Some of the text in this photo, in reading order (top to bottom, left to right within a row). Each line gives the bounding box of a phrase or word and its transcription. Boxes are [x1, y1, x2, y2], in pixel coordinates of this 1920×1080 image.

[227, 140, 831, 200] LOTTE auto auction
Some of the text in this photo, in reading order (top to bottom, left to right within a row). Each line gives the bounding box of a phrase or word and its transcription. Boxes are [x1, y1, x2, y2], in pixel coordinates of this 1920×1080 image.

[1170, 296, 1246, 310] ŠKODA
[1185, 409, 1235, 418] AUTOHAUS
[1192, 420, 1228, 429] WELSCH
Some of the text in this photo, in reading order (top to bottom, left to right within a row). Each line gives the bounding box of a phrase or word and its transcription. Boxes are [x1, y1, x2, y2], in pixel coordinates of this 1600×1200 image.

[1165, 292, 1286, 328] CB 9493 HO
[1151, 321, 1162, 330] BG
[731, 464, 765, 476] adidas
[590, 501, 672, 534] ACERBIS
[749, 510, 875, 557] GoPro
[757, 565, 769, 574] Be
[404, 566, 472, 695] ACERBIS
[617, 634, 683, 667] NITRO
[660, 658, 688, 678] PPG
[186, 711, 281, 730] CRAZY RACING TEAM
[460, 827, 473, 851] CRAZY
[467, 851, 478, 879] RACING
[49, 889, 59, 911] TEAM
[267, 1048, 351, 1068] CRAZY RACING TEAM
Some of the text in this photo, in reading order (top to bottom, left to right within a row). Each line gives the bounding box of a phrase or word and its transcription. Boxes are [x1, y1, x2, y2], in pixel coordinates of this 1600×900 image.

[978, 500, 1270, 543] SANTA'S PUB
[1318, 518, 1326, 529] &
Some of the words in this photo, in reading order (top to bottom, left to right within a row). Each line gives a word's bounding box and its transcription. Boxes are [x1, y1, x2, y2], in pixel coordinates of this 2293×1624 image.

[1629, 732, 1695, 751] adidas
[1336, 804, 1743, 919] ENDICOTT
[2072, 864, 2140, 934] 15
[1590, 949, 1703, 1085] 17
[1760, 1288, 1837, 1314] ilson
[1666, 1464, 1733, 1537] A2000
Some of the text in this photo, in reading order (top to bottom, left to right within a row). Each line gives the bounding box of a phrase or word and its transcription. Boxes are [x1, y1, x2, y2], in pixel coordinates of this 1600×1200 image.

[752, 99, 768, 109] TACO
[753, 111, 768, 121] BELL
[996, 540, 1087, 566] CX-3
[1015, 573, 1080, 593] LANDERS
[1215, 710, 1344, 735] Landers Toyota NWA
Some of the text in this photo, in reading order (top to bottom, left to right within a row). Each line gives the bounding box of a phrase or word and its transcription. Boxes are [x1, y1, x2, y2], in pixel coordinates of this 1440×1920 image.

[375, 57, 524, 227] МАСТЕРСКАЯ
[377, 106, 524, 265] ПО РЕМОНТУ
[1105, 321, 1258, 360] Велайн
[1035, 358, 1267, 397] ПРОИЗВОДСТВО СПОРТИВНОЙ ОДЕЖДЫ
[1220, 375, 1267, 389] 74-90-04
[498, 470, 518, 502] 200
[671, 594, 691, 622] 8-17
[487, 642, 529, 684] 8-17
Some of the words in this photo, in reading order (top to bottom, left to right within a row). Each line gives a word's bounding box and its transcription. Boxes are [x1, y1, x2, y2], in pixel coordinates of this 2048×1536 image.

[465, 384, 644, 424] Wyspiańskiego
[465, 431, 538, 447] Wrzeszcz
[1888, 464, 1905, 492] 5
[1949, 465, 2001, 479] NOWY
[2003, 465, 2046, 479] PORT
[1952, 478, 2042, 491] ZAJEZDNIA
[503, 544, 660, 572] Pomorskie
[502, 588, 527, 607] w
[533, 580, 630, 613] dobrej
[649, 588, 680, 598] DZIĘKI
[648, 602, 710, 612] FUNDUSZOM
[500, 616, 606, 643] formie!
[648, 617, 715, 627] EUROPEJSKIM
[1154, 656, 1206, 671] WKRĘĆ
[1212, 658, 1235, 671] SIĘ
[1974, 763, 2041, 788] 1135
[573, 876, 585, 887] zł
────────────────────
▶ WHAT YOU SHOULD DO
Please reproduce all of the records exactly as they stand.

▶ WRITTEN ANSWER
Some of the text in this photo, in reading order (top to bottom, left to right within a row). Each line gives the bounding box of a phrase or word and its transcription. Boxes are [x1, y1, x2, y2], in pixel coordinates of this 1920×1080 image.

[227, 140, 831, 200] LOTTE auto auction
Some of the text in this photo, in reading order (top to bottom, left to right within a row). Each line gives the bounding box of a phrase or word and its transcription. Boxes are [x1, y1, x2, y2], in pixel coordinates of this 1920×1080 image.

[1170, 296, 1246, 310] ŠKODA
[1185, 409, 1235, 418] AUTOHAUS
[1192, 420, 1228, 429] WELSCH
Some of the text in this photo, in reading order (top to bottom, left to right within a row). Each line gives the bounding box of a phrase or word and its transcription. Boxes are [x1, y1, x2, y2], in pixel coordinates of this 1600×1200 image.

[1165, 292, 1286, 328] CB 9493 HO
[1151, 321, 1162, 330] BG
[731, 464, 765, 476] adidas
[590, 501, 672, 534] ACERBIS
[749, 510, 875, 557] GoPro
[757, 565, 769, 574] Be
[404, 566, 472, 695] ACERBIS
[617, 634, 683, 667] NITRO
[660, 658, 688, 678] PPG
[186, 711, 281, 730] CRAZY RACING TEAM
[460, 827, 473, 851] CRAZY
[467, 851, 478, 879] RACING
[49, 889, 59, 911] TEAM
[267, 1048, 351, 1068] CRAZY RACING TEAM
Some of the text in this photo, in reading order (top to bottom, left to right within a row). Each line gives the bounding box of a phrase or word and its transcription. Boxes are [x1, y1, x2, y2], in pixel coordinates of this 1600×900 image.

[978, 500, 1270, 543] SANTA'S PUB
[1318, 518, 1326, 529] &
Some of the words in this photo, in reading order (top to bottom, left to right within a row). Each line gives a word's bounding box and its transcription. Boxes are [x1, y1, x2, y2], in pixel coordinates of this 2293×1624 image.

[1629, 732, 1695, 751] adidas
[1336, 804, 1743, 919] ENDICOTT
[2072, 864, 2140, 934] 15
[1590, 949, 1703, 1085] 17
[1760, 1288, 1837, 1314] ilson
[1666, 1464, 1733, 1537] A2000
Some of the text in this photo, in reading order (top to bottom, left to right within a row). Each line gives the bounding box of a phrase or word and its transcription. Boxes are [x1, y1, x2, y2], in pixel coordinates of this 1600×1200 image.

[752, 99, 768, 109] TACO
[753, 111, 768, 121] BELL
[996, 540, 1087, 566] CX-3
[1015, 573, 1080, 593] LANDERS
[1215, 710, 1344, 735] Landers Toyota NWA
Some of the text in this photo, in reading order (top to bottom, left to right within a row). Each line gives the bounding box of a phrase or word and its transcription. Boxes are [x1, y1, x2, y2], in pixel coordinates of this 1440×1920 image.

[375, 57, 524, 227] МАСТЕРСКАЯ
[377, 106, 524, 265] ПО РЕМОНТУ
[1105, 321, 1258, 360] Велайн
[1035, 358, 1267, 397] ПРОИЗВОДСТВО СПОРТИВНОЙ ОДЕЖДЫ
[1220, 375, 1267, 389] 74-90-04
[498, 470, 518, 502] 200
[671, 594, 691, 622] 8-17
[487, 642, 529, 684] 8-17
Some of the words in this photo, in reading order (top to bottom, left to right within a row). Each line gives a word's bounding box and its transcription. Boxes are [x1, y1, x2, y2], in pixel coordinates of this 2048×1536 image.

[465, 384, 644, 424] Wyspiańskiego
[465, 431, 538, 447] Wrzeszcz
[1888, 464, 1905, 492] 5
[1949, 465, 2001, 479] NOWY
[2003, 465, 2046, 479] PORT
[1952, 478, 2042, 491] ZAJEZDNIA
[503, 544, 660, 572] Pomorskie
[502, 588, 527, 607] w
[533, 580, 630, 613] dobrej
[649, 588, 680, 598] DZIĘKI
[648, 602, 710, 612] FUNDUSZOM
[500, 616, 606, 643] formie!
[648, 617, 715, 627] EUROPEJSKIM
[1154, 656, 1206, 671] WKRĘĆ
[1212, 658, 1235, 671] SIĘ
[1974, 763, 2041, 788] 1135
[573, 876, 585, 887] zł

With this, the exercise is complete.